● What is required
For this exercise, return all the data word for word, with images left out.

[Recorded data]
· · ·
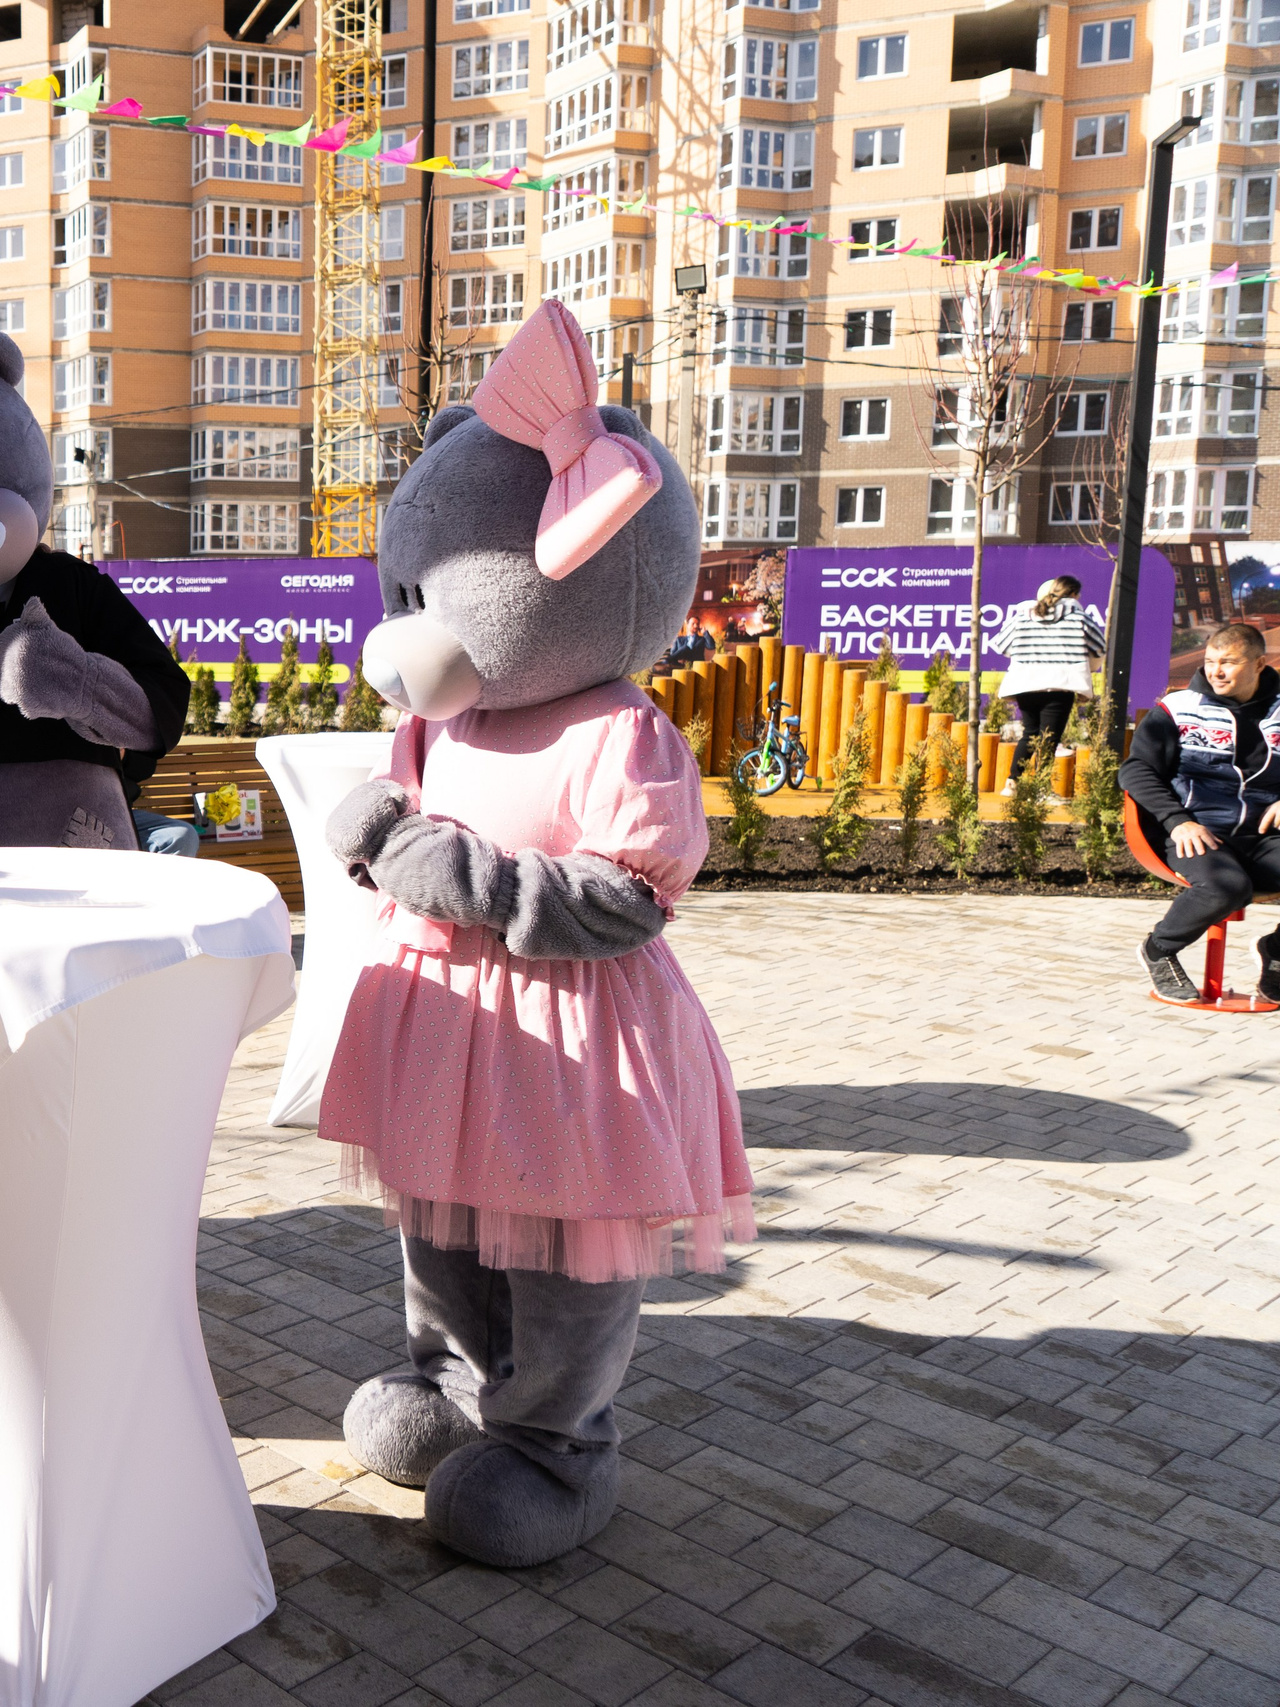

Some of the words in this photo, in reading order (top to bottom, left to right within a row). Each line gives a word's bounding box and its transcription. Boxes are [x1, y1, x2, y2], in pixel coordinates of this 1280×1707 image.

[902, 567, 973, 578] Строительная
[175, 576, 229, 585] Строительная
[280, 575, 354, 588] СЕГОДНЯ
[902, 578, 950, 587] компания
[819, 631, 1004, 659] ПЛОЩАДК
· · ·
● Your solution
Some of the words in this photo, in reading order (top to bottom, left to right within a row). Each line gives a word's bounding box and its transcription. Boxes are [x1, y1, x2, y2], in pixel coordinates of this 1280×1707 image.

[902, 567, 973, 578] Строительная
[175, 576, 229, 585] Строительная
[280, 575, 354, 588] СЕГОДНЯ
[902, 578, 950, 587] компания
[819, 631, 1004, 659] ПЛОЩАДК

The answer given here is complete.